_Task objective_
Set down, exactly and with nothing added, the lines running from the one that holds "this 1904×1428 image." to the final line of the records. Pictures stay out of the copy.

+-------+

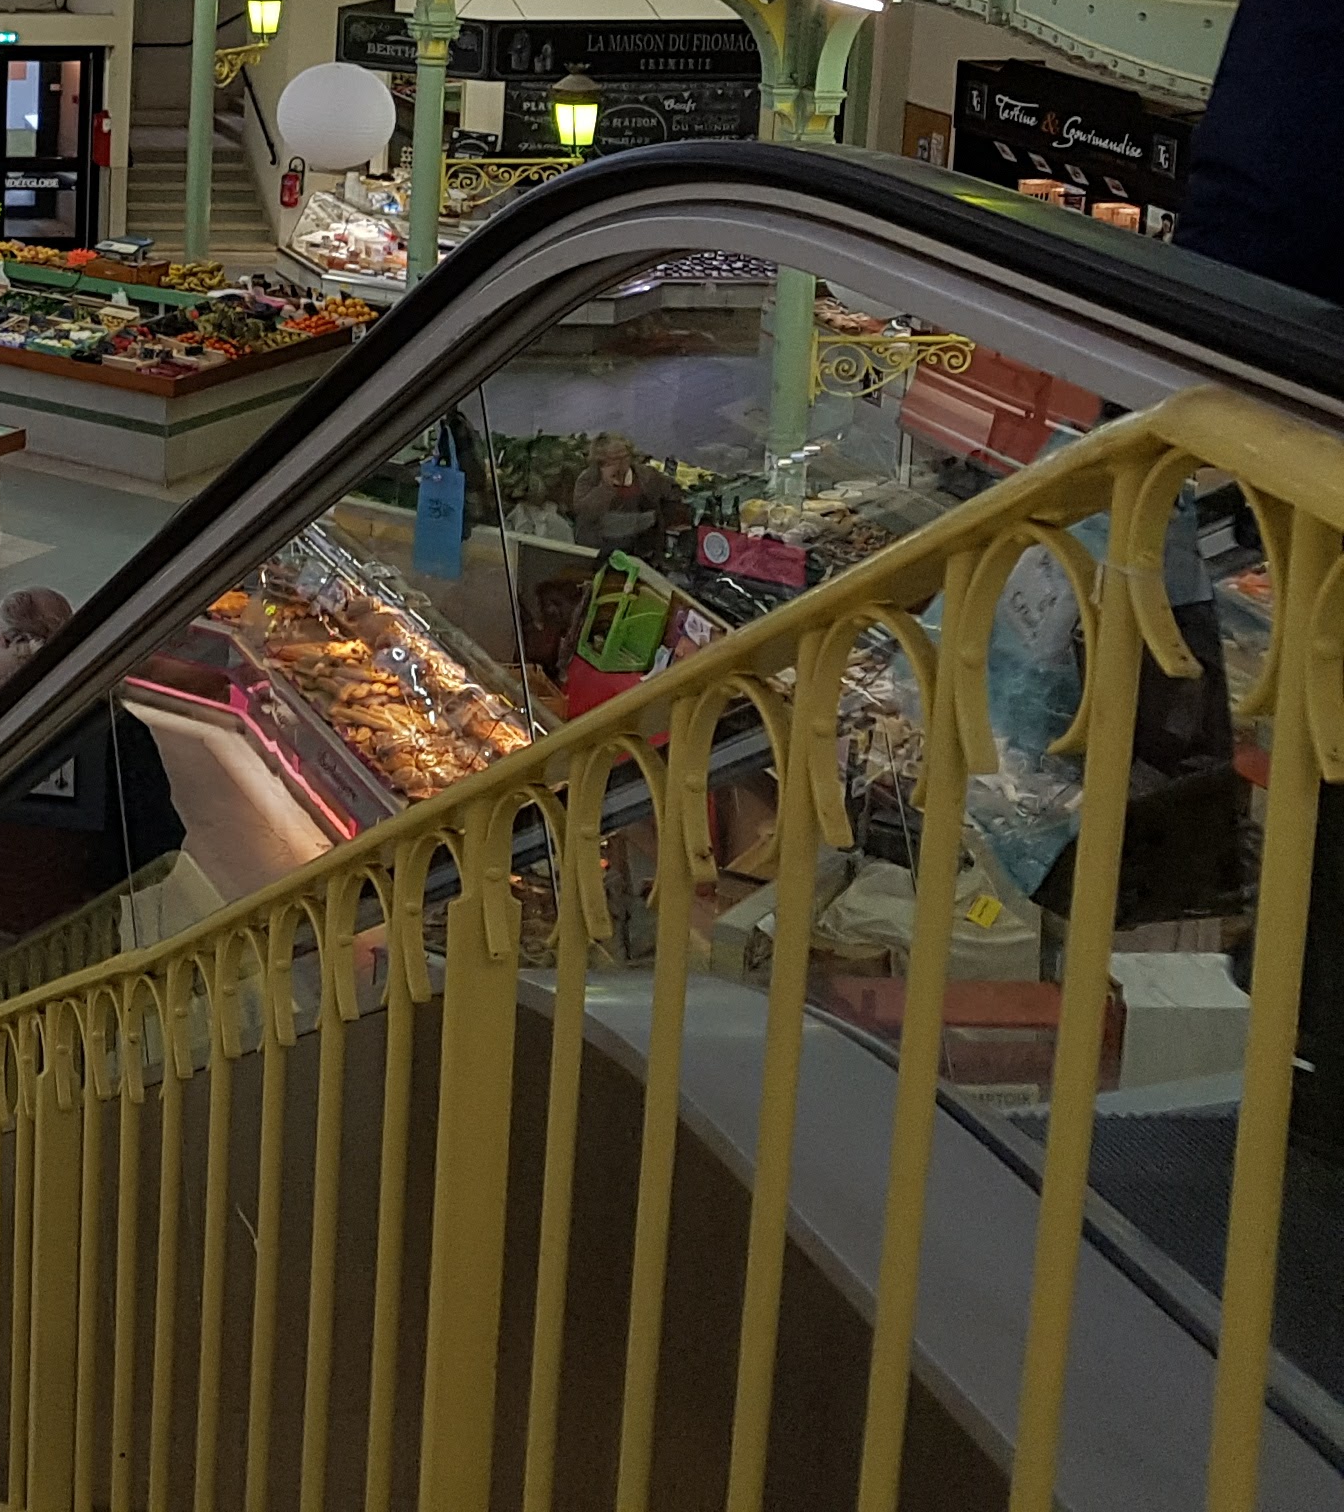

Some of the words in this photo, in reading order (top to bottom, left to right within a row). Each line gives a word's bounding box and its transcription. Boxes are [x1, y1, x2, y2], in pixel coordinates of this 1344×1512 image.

[610, 33, 663, 52] MAISON
[668, 34, 690, 52] DU
[692, 34, 759, 52] FROMAG
[995, 94, 1040, 127] Tartine
[1052, 115, 1144, 158] Gourmandise
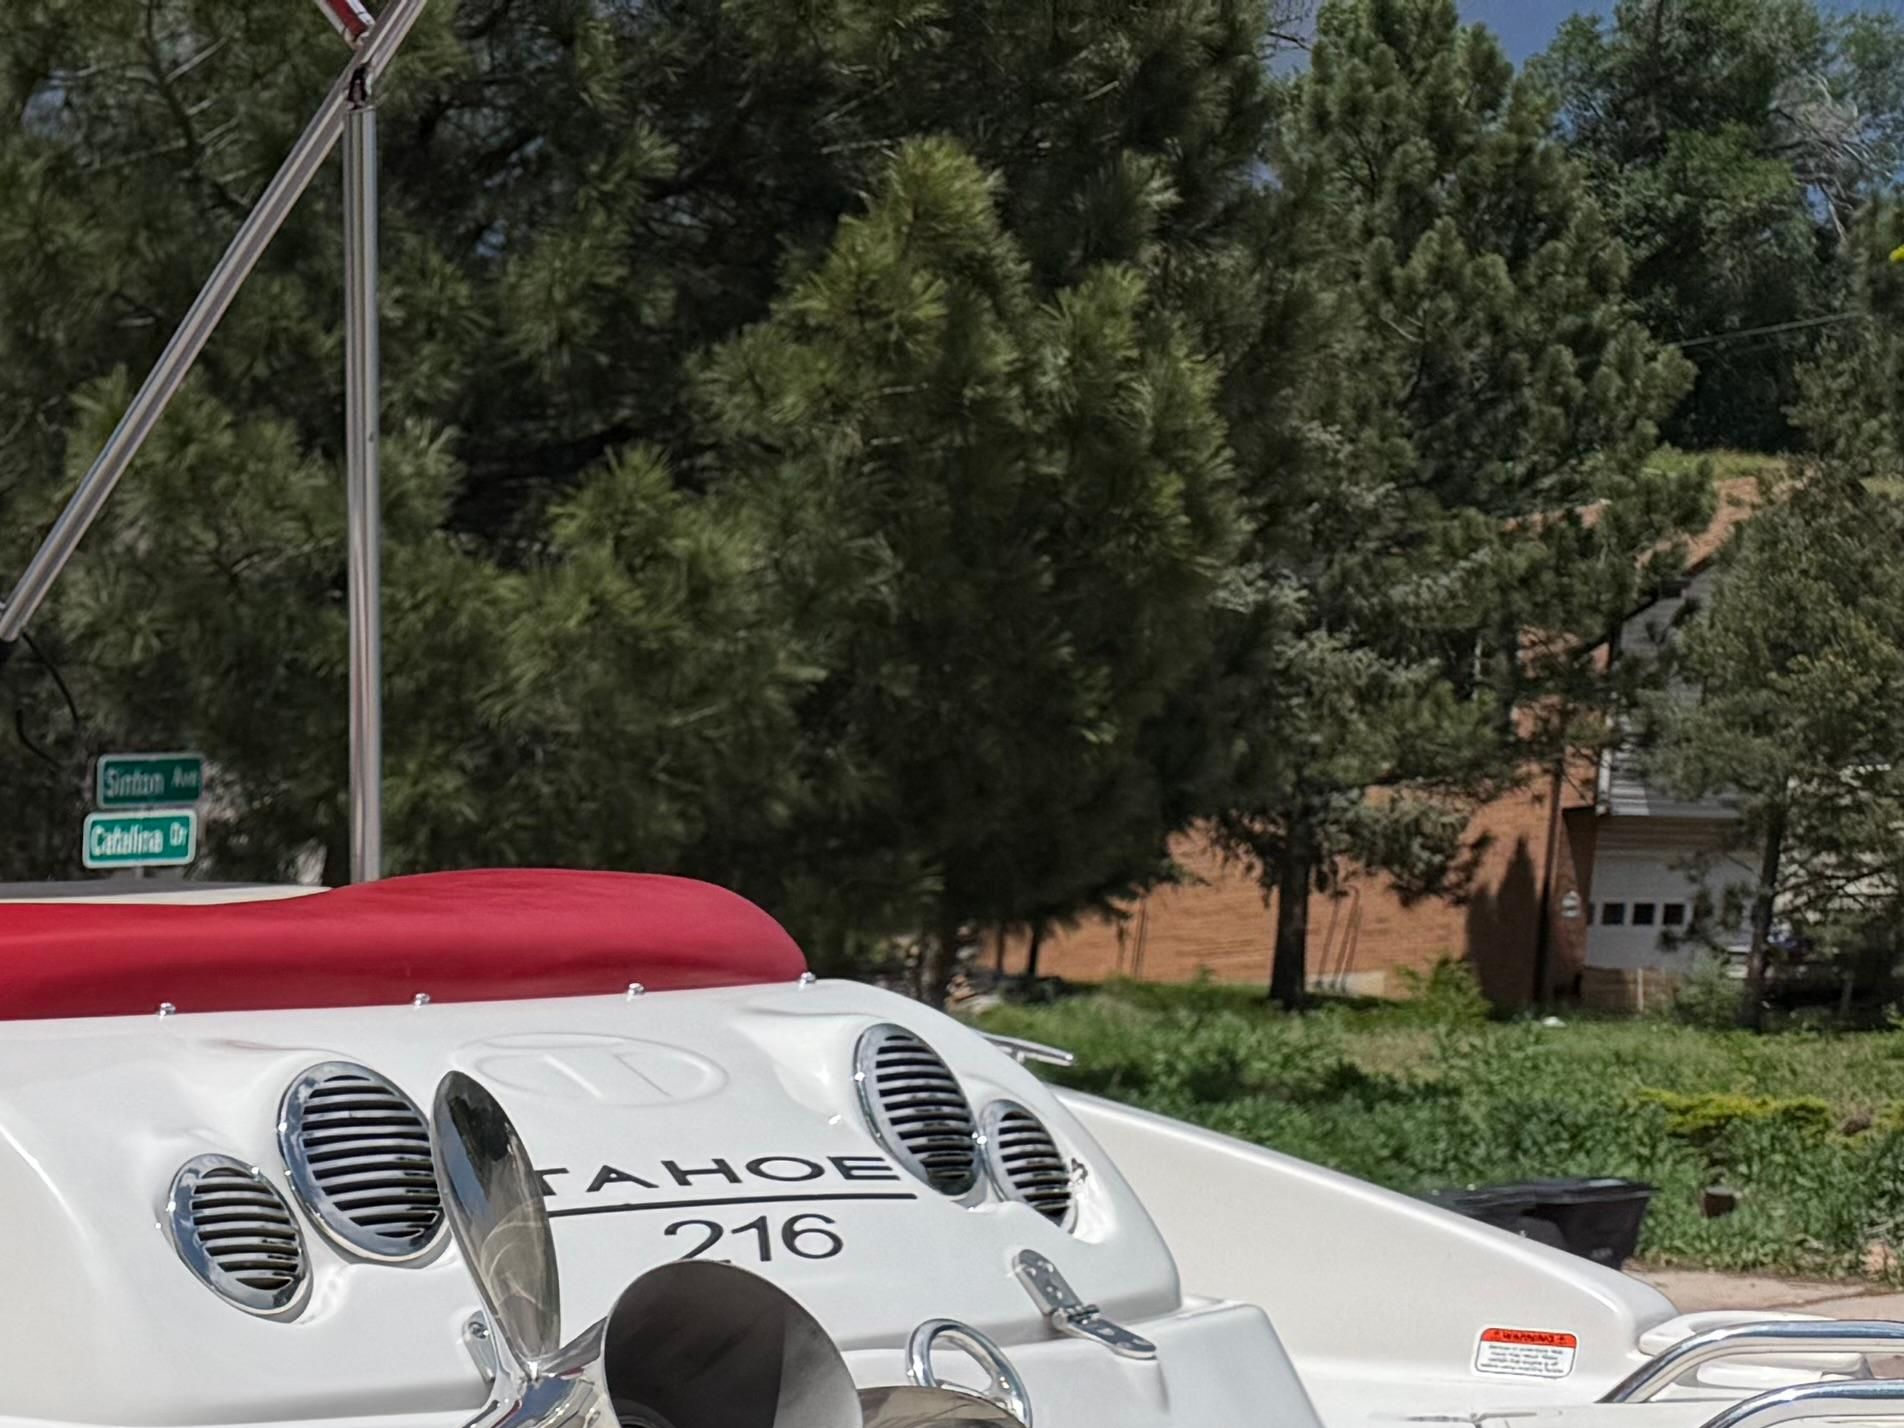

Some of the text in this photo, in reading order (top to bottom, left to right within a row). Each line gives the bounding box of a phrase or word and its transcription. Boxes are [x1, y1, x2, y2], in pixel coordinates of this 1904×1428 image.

[104, 766, 165, 799] Sinton
[90, 821, 189, 857] Catalina Dr
[533, 1155, 902, 1197] TAHOE
[663, 1213, 844, 1264] 216
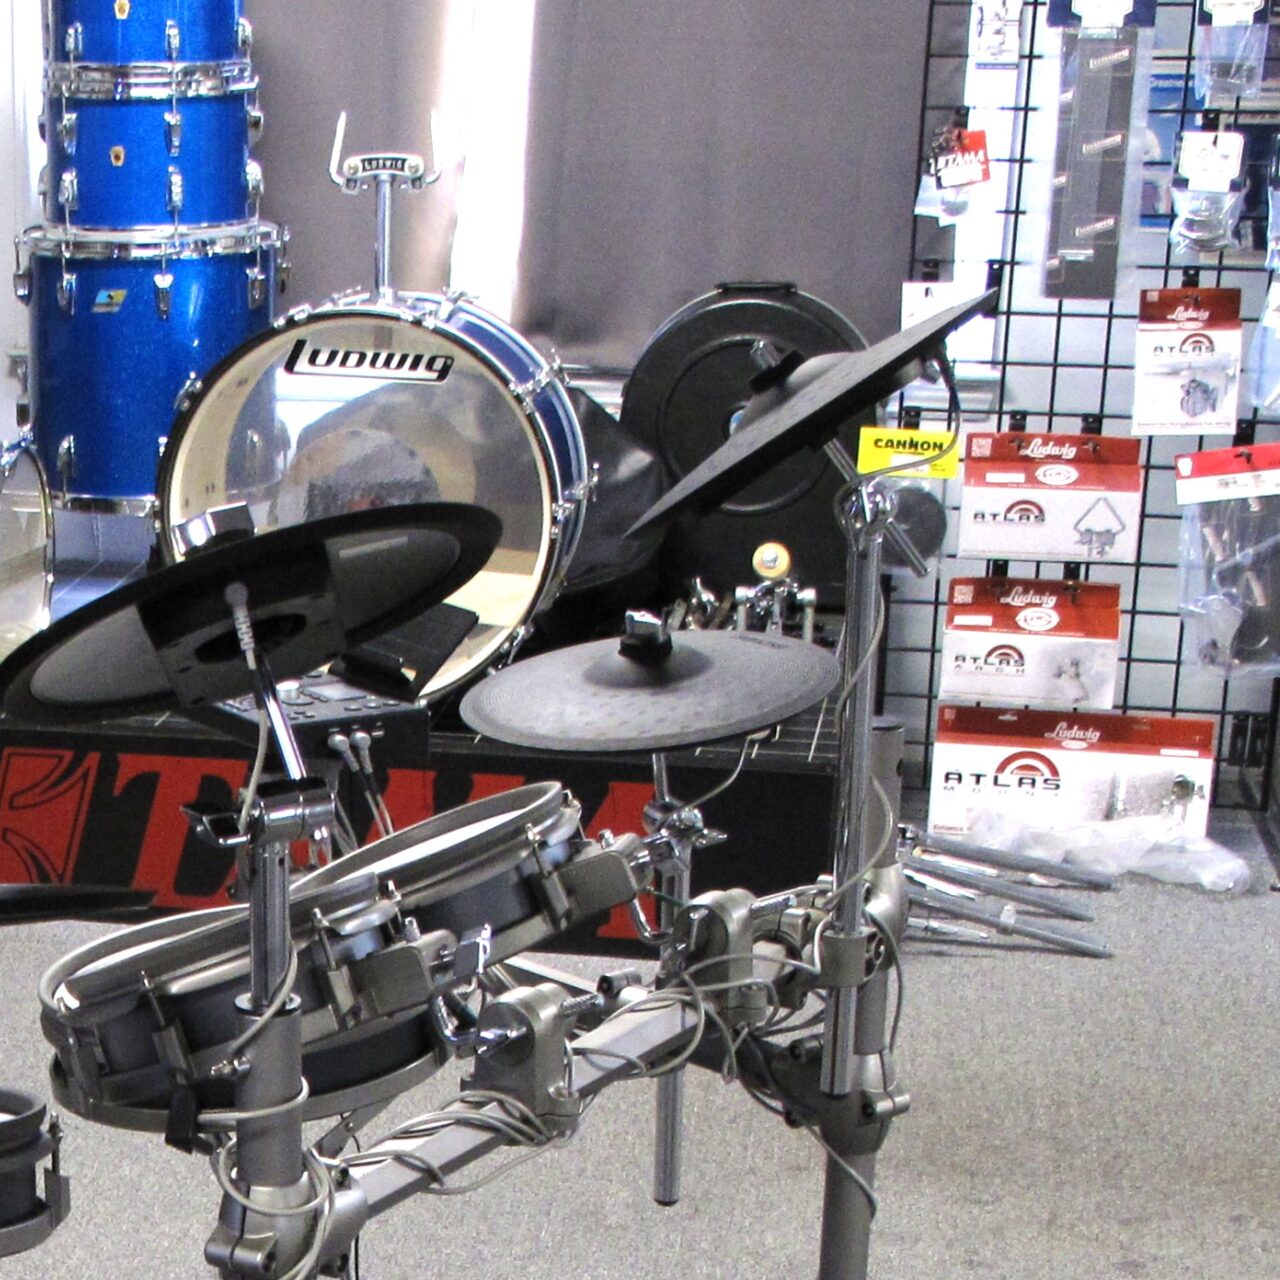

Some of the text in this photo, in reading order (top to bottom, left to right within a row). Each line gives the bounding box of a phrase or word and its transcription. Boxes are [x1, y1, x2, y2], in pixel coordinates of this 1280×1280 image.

[1166, 305, 1210, 321] Ludwig
[873, 437, 944, 451] CANNON
[1019, 438, 1078, 460] Ludwig
[973, 512, 1045, 522] ATLAS
[1000, 586, 1057, 608] Ludwig
[954, 655, 1025, 667] ATLAS
[1044, 721, 1101, 743] Ludwig
[944, 771, 1061, 791] ATLAS
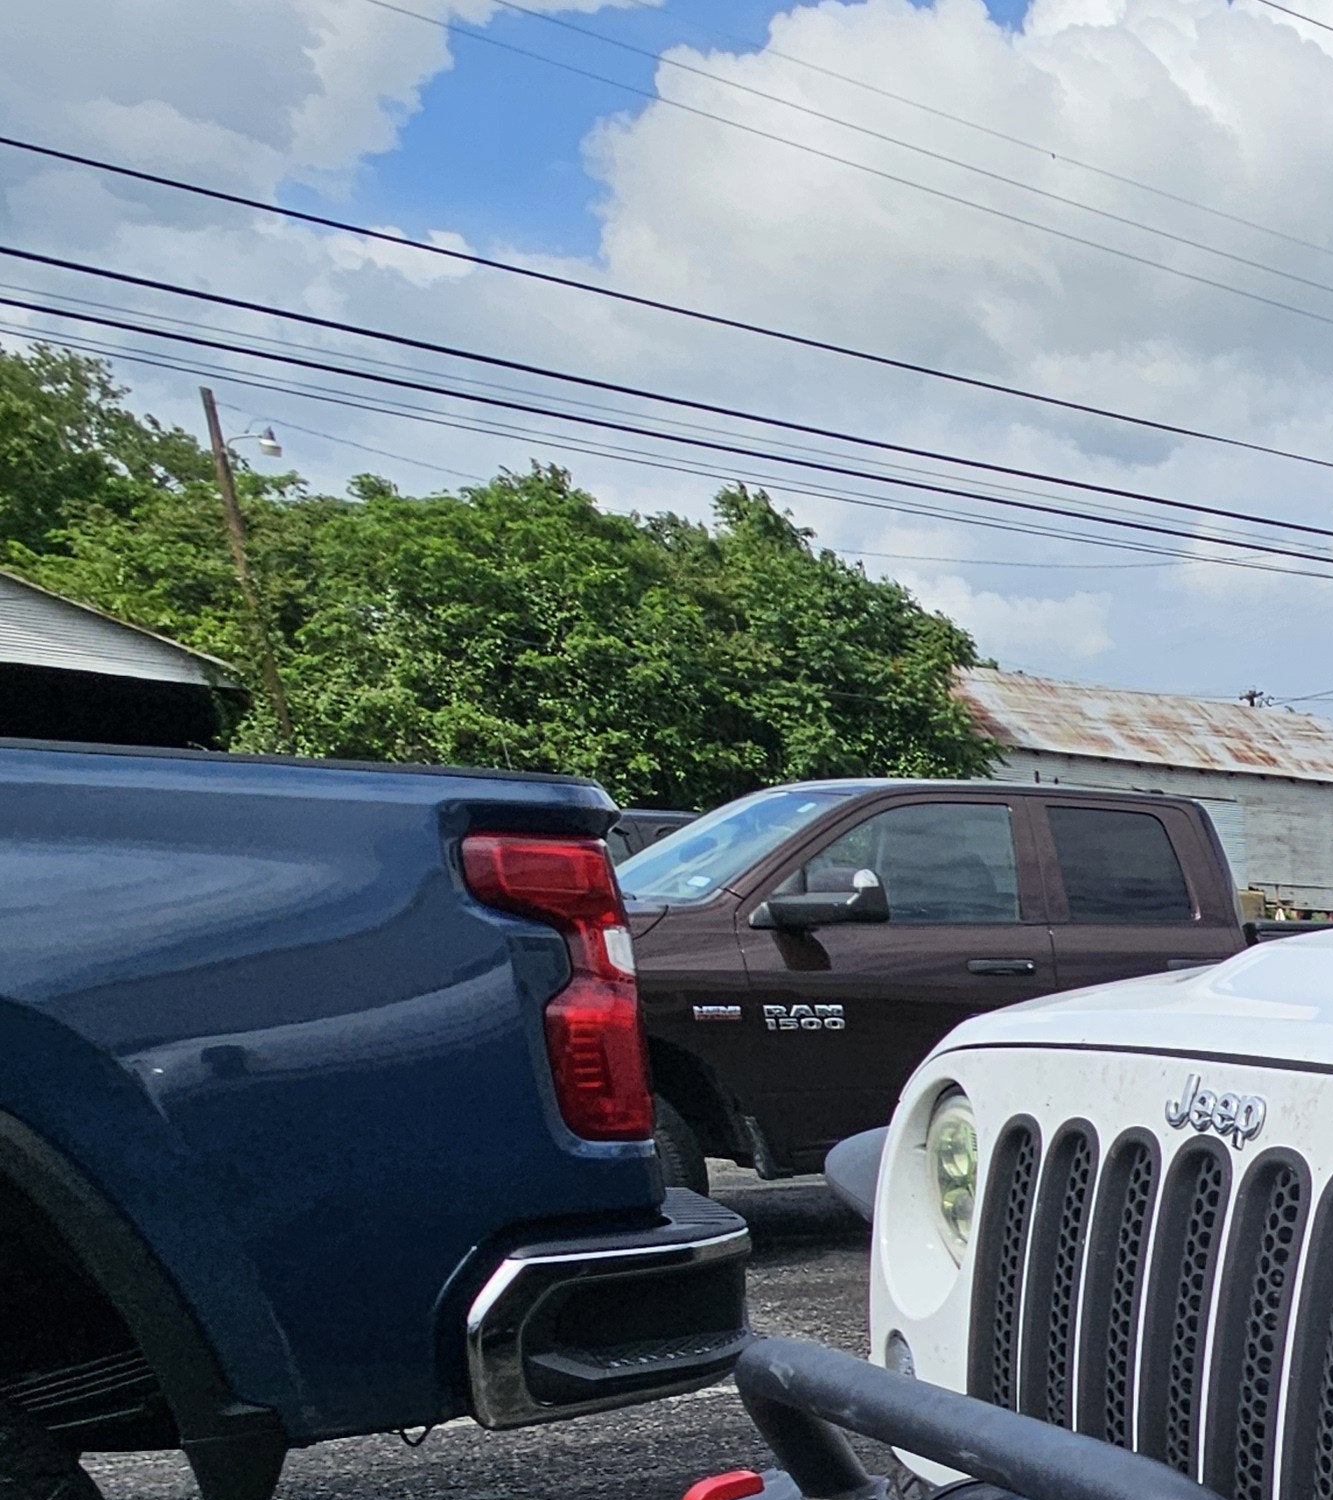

+-------+

_Answer box_
Some of the text in this photo, in reading order (top to bottom, left to right within a row). Each line gives the bounding box of a phrase or word and its transcription. Boxes are [x1, y1, x2, y2], in pixel coordinates of this 1904×1428 image.

[104, 766, 165, 799] Sinton
[90, 821, 189, 857] Catalina Dr
[533, 1155, 902, 1197] TAHOE
[663, 1213, 844, 1264] 216

Some of the text in this photo, in reading order (top to bottom, left to right within a row). Each line gives the bounding box of a phrase or word and its transcription. Boxes are [x1, y1, x2, y2], in pixel coordinates of this 1280×1280 image.

[1166, 305, 1210, 321] Ludwig
[873, 437, 944, 451] CANNON
[1019, 438, 1078, 460] Ludwig
[973, 512, 1045, 522] ATLAS
[1000, 586, 1057, 608] Ludwig
[954, 655, 1025, 667] ATLAS
[1044, 721, 1101, 743] Ludwig
[944, 771, 1061, 791] ATLAS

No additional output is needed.